Alexander Lex - The reVISit User Study Platform and Applications in Studying Misinformation

Speaker

University of Utah-School of Computing

Host

Arvind Satyanarayan
CSAIL
Abstract:
In this talk I introduce the reVISit framework for designing and running empirical studies online. Traditional survey tools limit the flexibility and reproducibility of online experiments. To remedy this, we introduce a domain-specific language, the reVISit Spec, that researchers can use to design complex online user studies. reVISit Spec, combined with the relevant stimuli, is compiled into a ready-to-deploy website that handles all aspects of a user study, including sophisticated provenance-based data tracking, randomization, etc. reVISit is a community focused project and ready to use! Visit https://revisit.dev/ to get started.

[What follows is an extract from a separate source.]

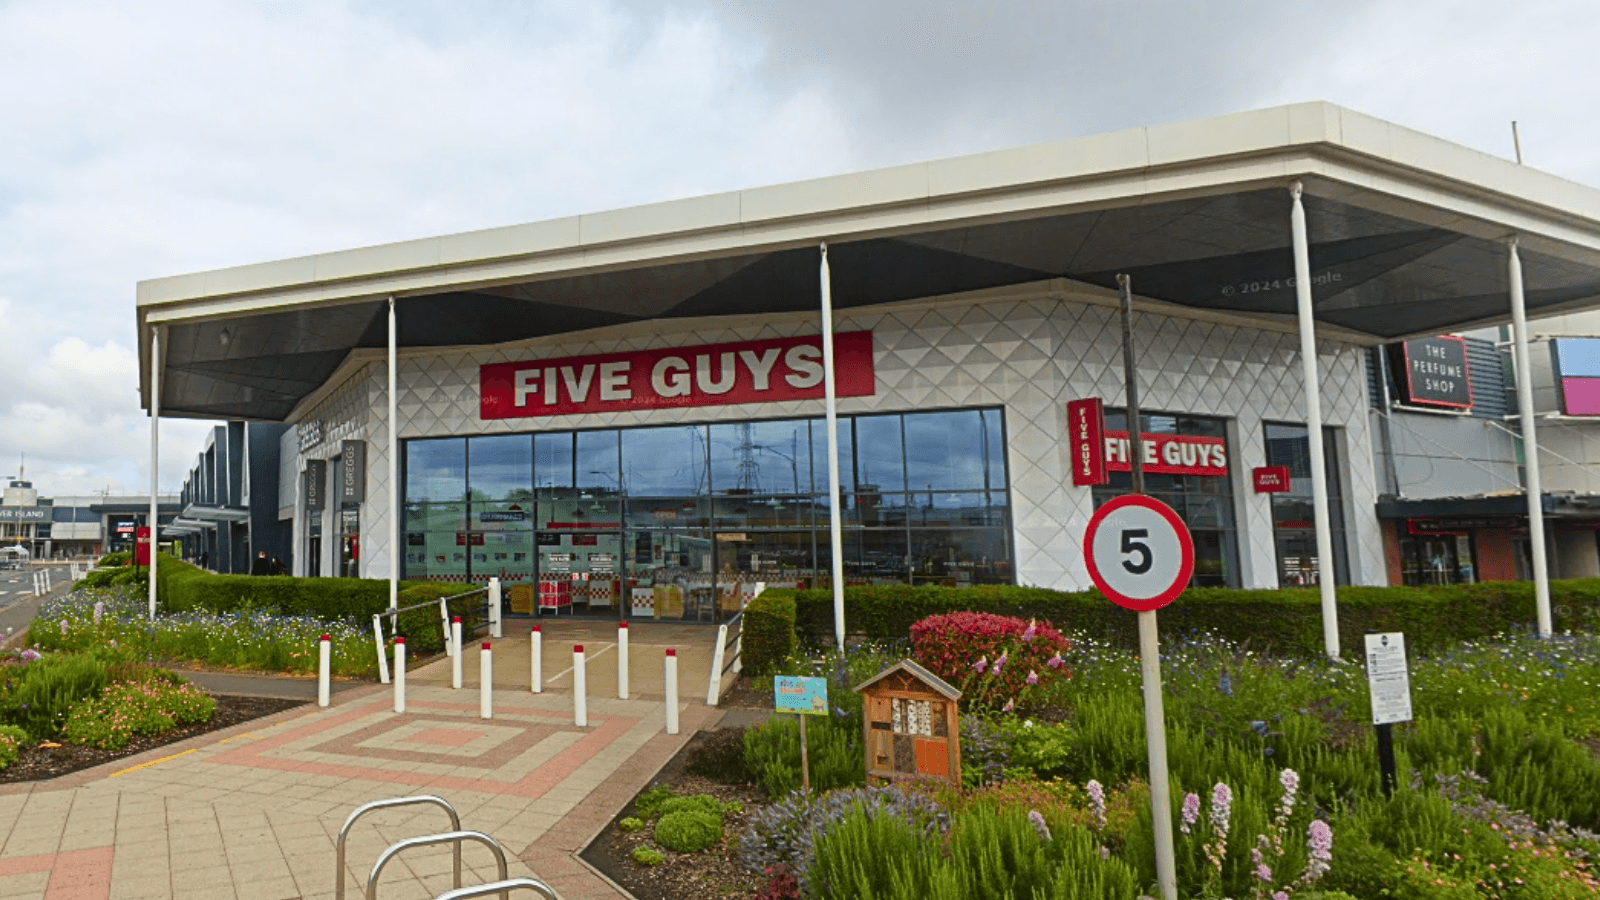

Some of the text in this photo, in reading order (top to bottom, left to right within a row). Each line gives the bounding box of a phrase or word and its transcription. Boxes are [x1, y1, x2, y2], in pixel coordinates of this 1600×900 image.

I will then pivot to talk about data-driven misinformation in the form of charts shared on social networks. I will demonstrate that “lying with charts” doesn’t work the way we (used to) think about it, and introduce a few strategies to “protect” charts and charting tools from being abused by malicious users. I will connect back to reVISit by illustrating how we leveraged it to run a series of crowd-sourced experiments.

Bio:
Alexander Lex is an Associate Professor of Computer Science at the Scientific Computing and Imaging Institute and the Kahlert School of Computing at the University of Utah. He directs the Visualization Design Lab where he and his team develop visualization methods and systems to help solve today’s scientific problems. Recently he is working on visualization accessibility, visual misinformation, provenance and reproducibility, and user study infrastructure. He is the recipient of an NSF CAREER award and multiple best paper awards or best paper honorable mentions at IEEE VIS, ACM CHI, and other conferences. He also received a best dissertation award from his alma mater. He co-founded datavisyn, a startup company developing visualization solutions for the pharmaceutical industry.